Arcadia is a town in Jackson Township, Hamilton County, Indiana, United States. The population was 1,515 at the 2020 census.

==History==
Settlers began to move into the area as early as 1833, when Hencil Bartholomew bought property near present-day Arcadia, and other settlers quickly followed. On December 12, 1836, John and Harriet Shaffer bought 160 acres of land adjacent to a plot owned by Daniel and Matilda Waltz, which was later to become the heart of downtown Arcadia.

===Railroad===
On January 18, 1846, the Peru and Indianapolis Railroad (P&I) was incorporated to construct and operate a line from Peru, Indiana, to Indianapolis to connect with the Jeffersonville, Madison and Indianapolis Railroad (JMI). By 1849 the town was laid out when the railroad had surveyed a route across the land owned by Shaffer and Waltz, and a year later in 1850, the two men donated the land on which the town was founded, which was plotted the next year by Isaac Martz. According to tradition, the town was originally to be named "Shaltz", combining the names of the two men Shaffer and Waltz, but the official naming was left up to Judge Jeremiah Smith, who called it Arcadia, after the ancient region of Greece. The Arcadia post office opened in 1852. At this time, the site was heavily wooded, and described as "low" and marshy. After the town was laid out, the woods were cleared and streets paved with gravel, and their upkeep was paid for by a toll of 10 cents for a horse and buggy and 12 cents for a horse and wagon. The land was drained by two large open ditches, later spanned by crude log bridges. Early sidewalks were raised wooden platforms, later replaced by gravel and sawdust.

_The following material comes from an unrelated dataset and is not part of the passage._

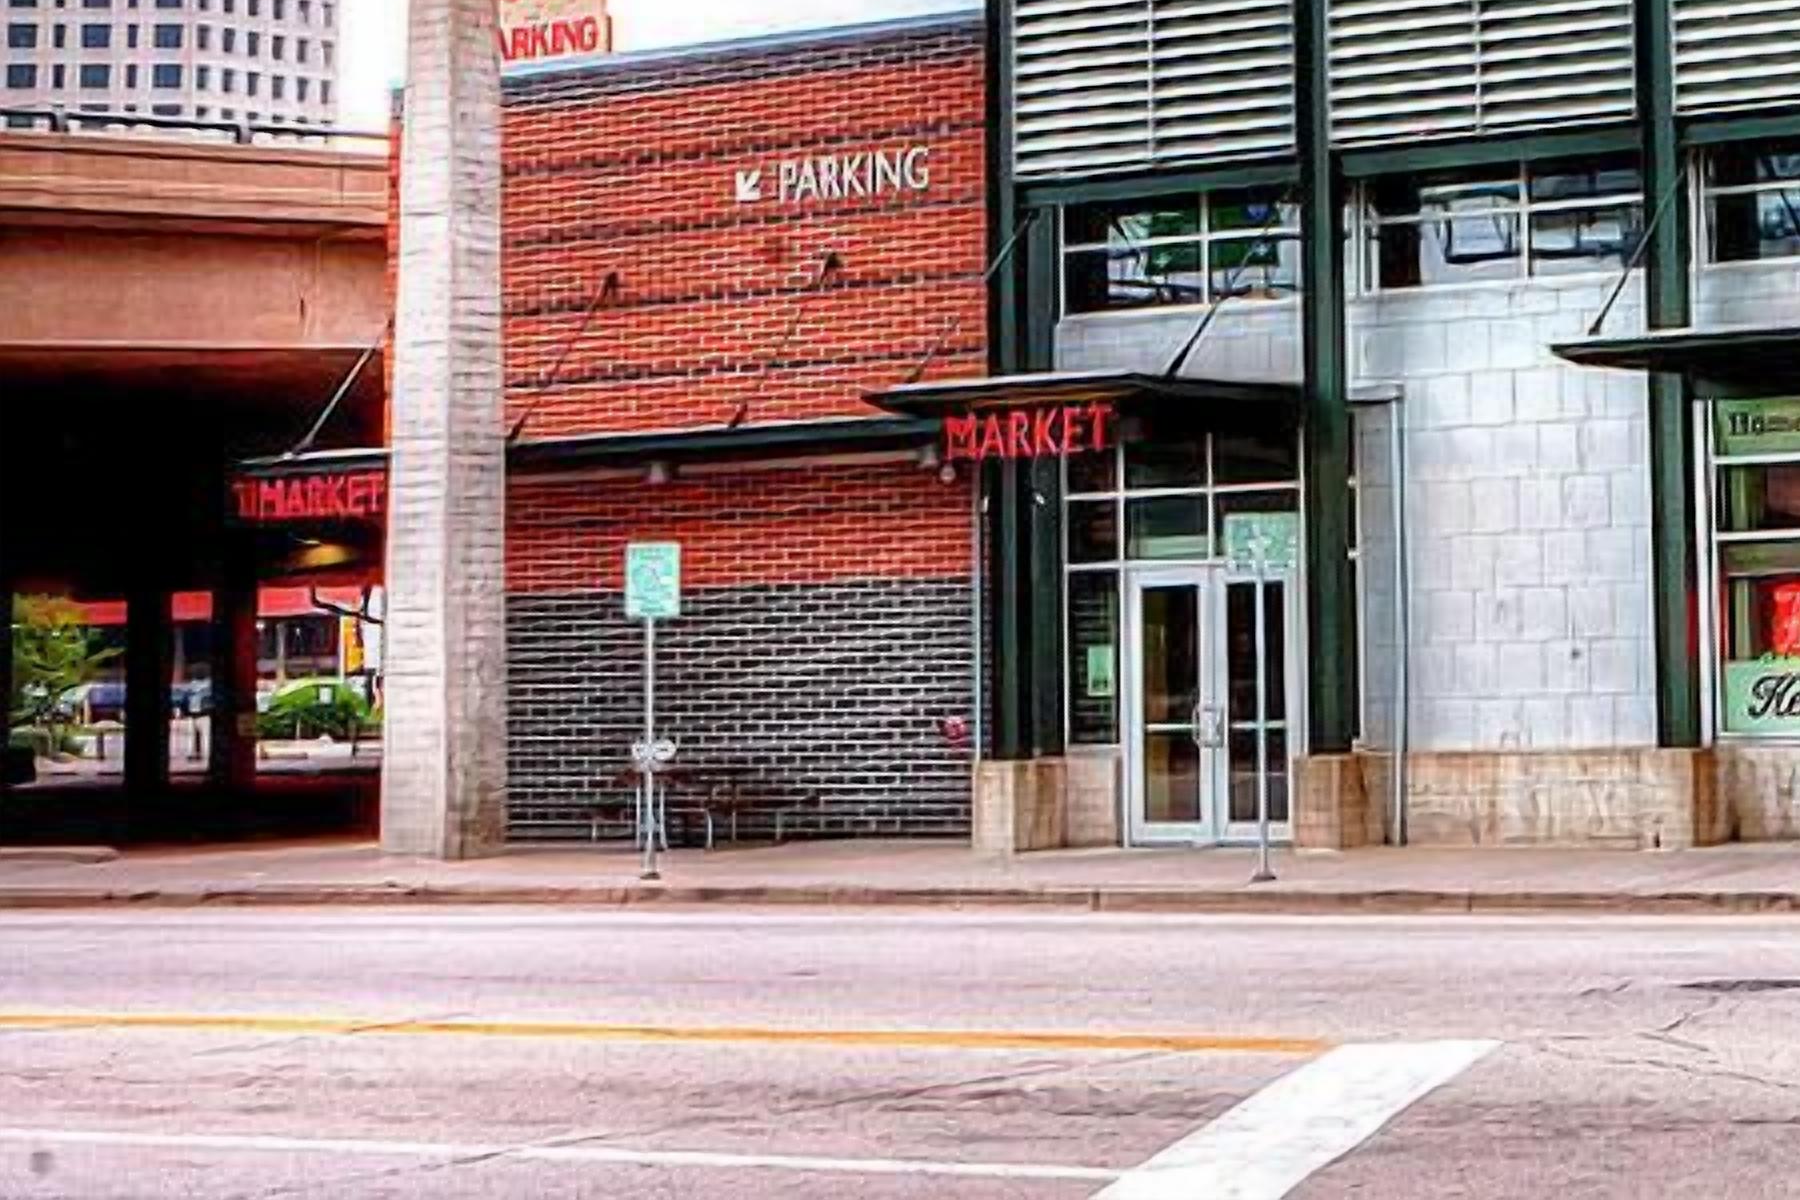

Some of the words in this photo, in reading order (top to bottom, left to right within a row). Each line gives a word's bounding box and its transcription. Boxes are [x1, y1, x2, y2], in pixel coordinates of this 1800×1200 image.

[779, 145, 930, 204] PARKING
[943, 402, 1113, 461] MARKET
[258, 470, 386, 519] MARKET

===Manufacturing and Industry===
By 1852, the railroad was complete, which included a north and south road constructed by the railroad which ran from Indianapolis to Peru, Indiana. Immediately Arcadia enjoyed steady growth as a farming community, and attracted a wide variety of businesses, which in the early years included a cigar factory, a cabinet shop, a flour and sawmill, and a planing mill to manufacture building materials.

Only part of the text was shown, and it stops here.